Every capability is a plain function. No magic, no vendor lock-in.

Trigger-Based Communication

Components call each other via trigger(). Language doesn’t matter.

Hot-Swappable

Replace any component without touching others. Just register new functions.

The iii-engine Bus

At the center is the iii-engine - a WebSocket-based message bus that:

Accepts connections from workers (any language)
Stores function registry (all registered functions)
Routes invocations to the correct worker
Manages modules (state, queue, pubsub, cron, HTTP API)

Every component connects to the iii-engine over WebSocket at ws://localhost:49134.

iii-engine Modules

The engine provides core services via modules:

# From config.yaml:1-68
port: 49134

modules:
  # HTTP REST API (port 3111)
  - class: modules::api::RestApiModule
    config:
      port: 3111
      host: 0.0.0.0
      concurrency_request_limit: 2048

  # State storage (file-based KV store)
  - class: modules::state::StateModule
    config:
      adapter:
        class: modules::state::adapters::KvStore
        config:
          store_method: file_based
          file_path: ./data/state

  # WebSocket streams (port 3112)
  - class: modules::stream::StreamModule
    config:
      port: 3112

  # Task queue
  - class: modules::queue::QueueModule
    config:
      adapter:
        class: modules::queue::BuiltinQueueAdapter

  # Pub/Sub messaging
  - class: modules::pubsub::PubSubModule
    config:
      adapter:
        class: modules::pubsub::LocalAdapter

  # Cron scheduler
  - class: modules::cron::CronModule
    config:
      adapter:
        class: modules::cron::KvCronAdapter

  # Key-value store
  - class: modules::kv_server::KvServer
    config:
      store_method: file_based
      file_path: ./data/kv
      save_interval_ms: 5000

  # Observability (OpenTelemetry)
  - class: modules::observability::OtelModule
    config:
      enabled: true
      exporter: memory
      metrics_enabled: true

Architecture Layers

Layer 1: Hot Path (Rust)

Performance-critical operations run in Rust:

Crate	LOC	Purpose	Key Functions
`agent-core`	320	ReAct agent loop	`agent::chat`, `agent::create`, `agent::list_tools`
`memory`	840	Session/episodic memory	`memory::store`, `memory::recall`, `memory::consolidate`
`llm-router`	320	25 LLM providers	`llm::route`, `llm::complete`
`security`	700	RBAC, audit, taint	`security::check_capability`, `security::scan_injection`
`wasm-sandbox`	180	WASM execution	`wasm::execute`

Why Rust?
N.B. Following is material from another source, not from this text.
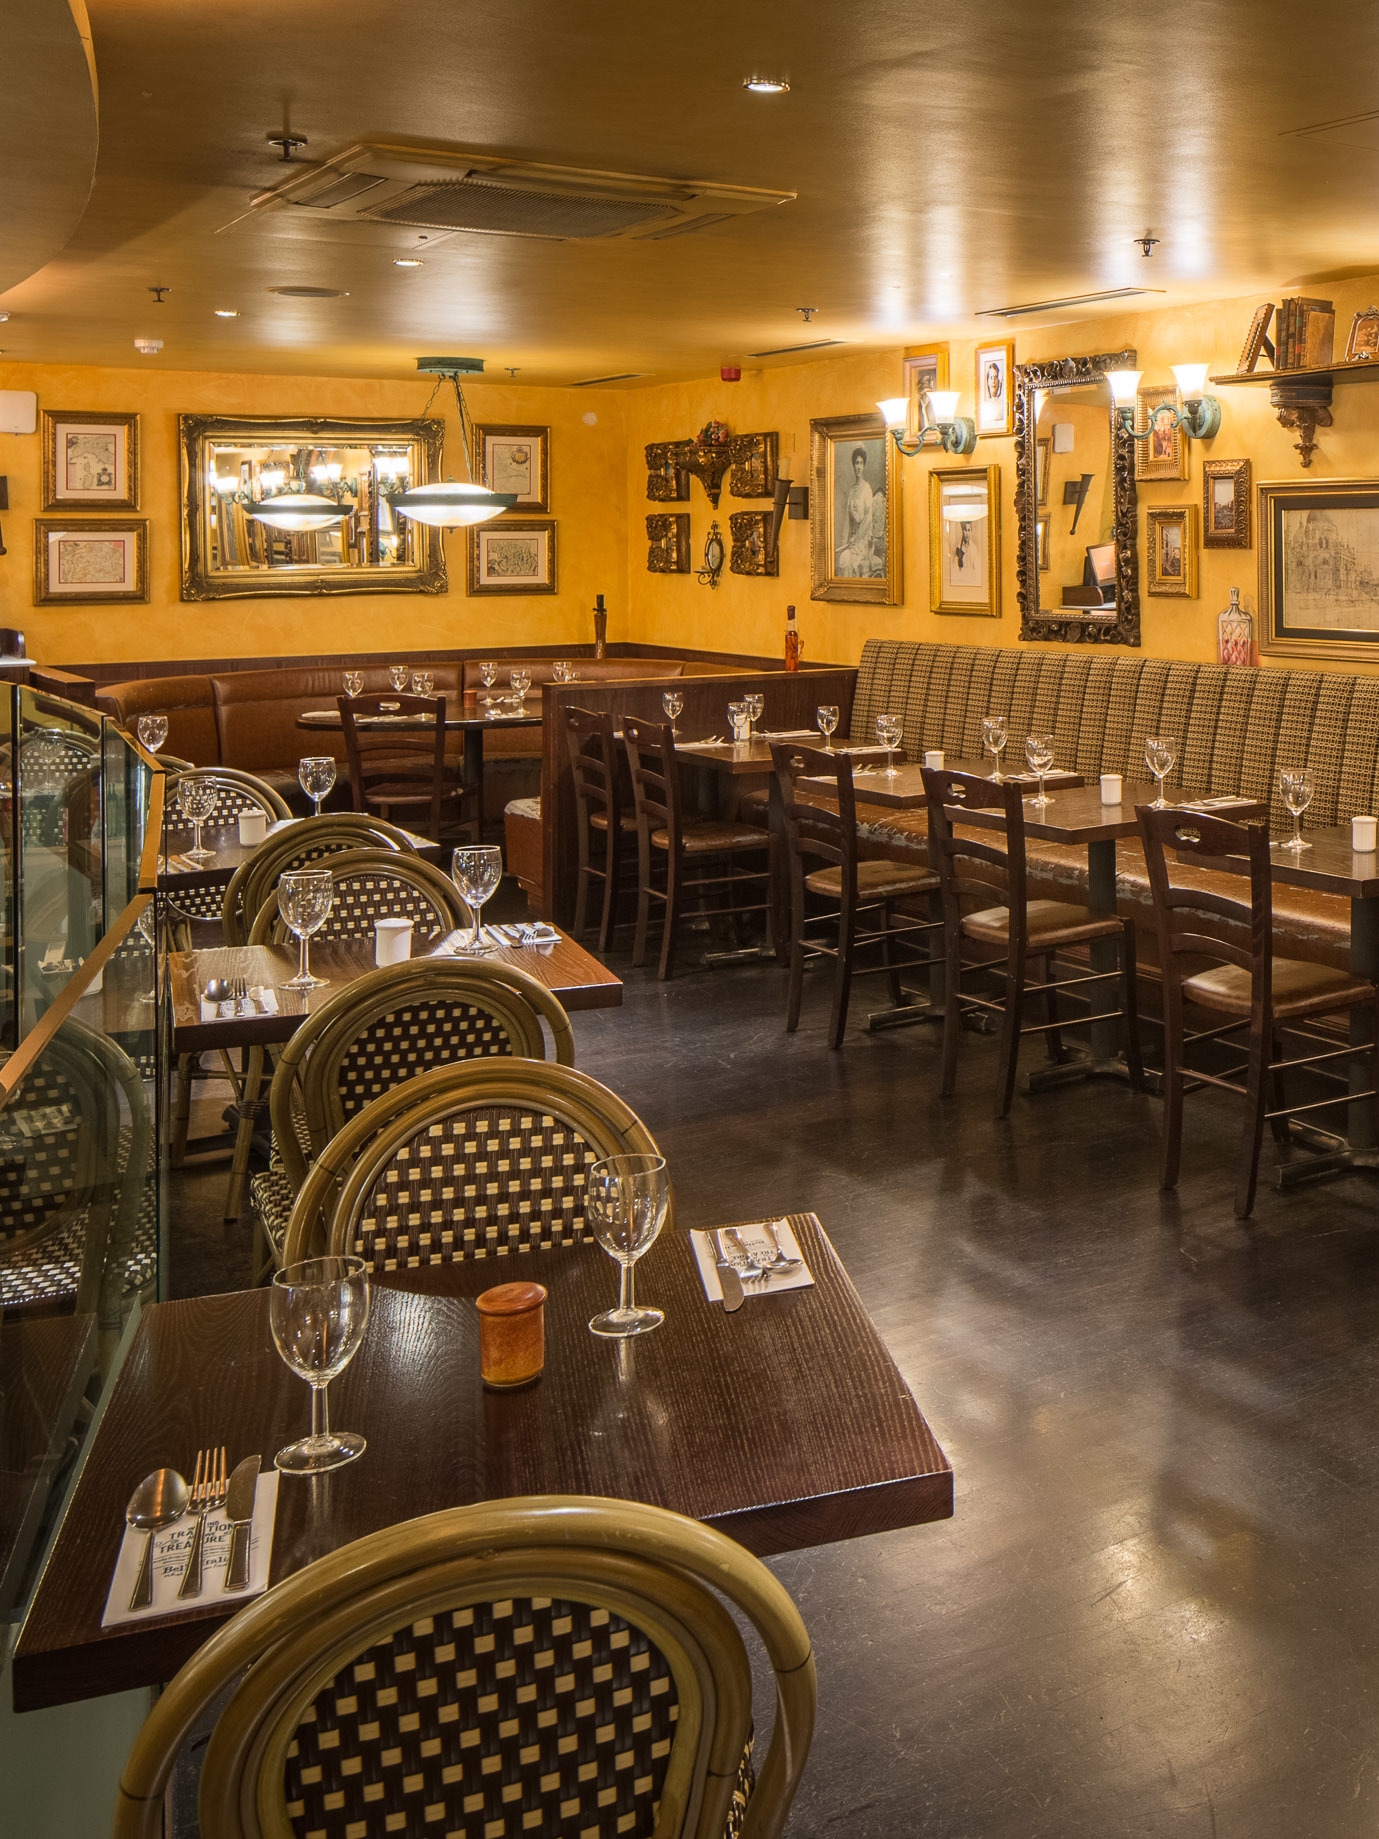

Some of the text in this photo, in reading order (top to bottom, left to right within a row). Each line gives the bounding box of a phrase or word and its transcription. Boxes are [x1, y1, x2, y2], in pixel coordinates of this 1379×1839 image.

[170, 1524, 234, 1540] TRATION
[160, 1535, 225, 1553] TREAURE
[162, 1563, 188, 1574] Bel
Low latency, high throughput, memory safety. The hot path handles every agent invocation.

Layer 2: Control Plane (Rust)

Multi-tenant orchestration layer:

Crate	LOC	Purpose	Endpoints
`realm`	280	Multi-tenant isolation	7 REST
`hierarchy`	250	Agent org structure	5 REST
`directive`	280	Goal alignment	5 REST
`mission`	350	Task lifecycle	7 REST
`ledger`	300	Budget enforcement	4 REST + 1 PubSub
`council`	450	Governance	6 REST + 1 PubSub
`pulse`	250	Scheduled invocation	4 REST
`bridge`	300	External runtimes	5 REST

Why Rust? Reliability, strong typing, predictable performance for orchestration.

Layer 3: Application (TypeScript)

Rapid iteration and integrations:

Worker	Purpose	Key Functions
`api.ts`	OpenAI-compatible API	`api::chat_completions`
`agent-core.ts`	TS agent loop	`agent::chat`
`tools.ts`	22 built-in tools	`file::read`, `web::search`, `shell::exec`
`tools-extended.ts`	38 extended tools	`schedule::`, `media::`, `data::*`
`swarm.ts`	Multi-agent swarms	`swarm::create`, `swarm::coordinate`
`knowledge-graph.ts`	Entity-relation graph	`kg::add`, `kg::query`, `kg::visualize`
`session-replay.ts`	Session recording	`replay::record`, `replay::get`, `replay::summary`
`vault.ts`	Encrypted secrets	`vault::set`, `vault::get`, `vault::list`
`browser.ts`	Headless browser	`browser::navigate`, `browser::screenshot`
`channels/*.ts`	40 channel adapters	Slack, Discord, Telegram, WhatsApp, etc.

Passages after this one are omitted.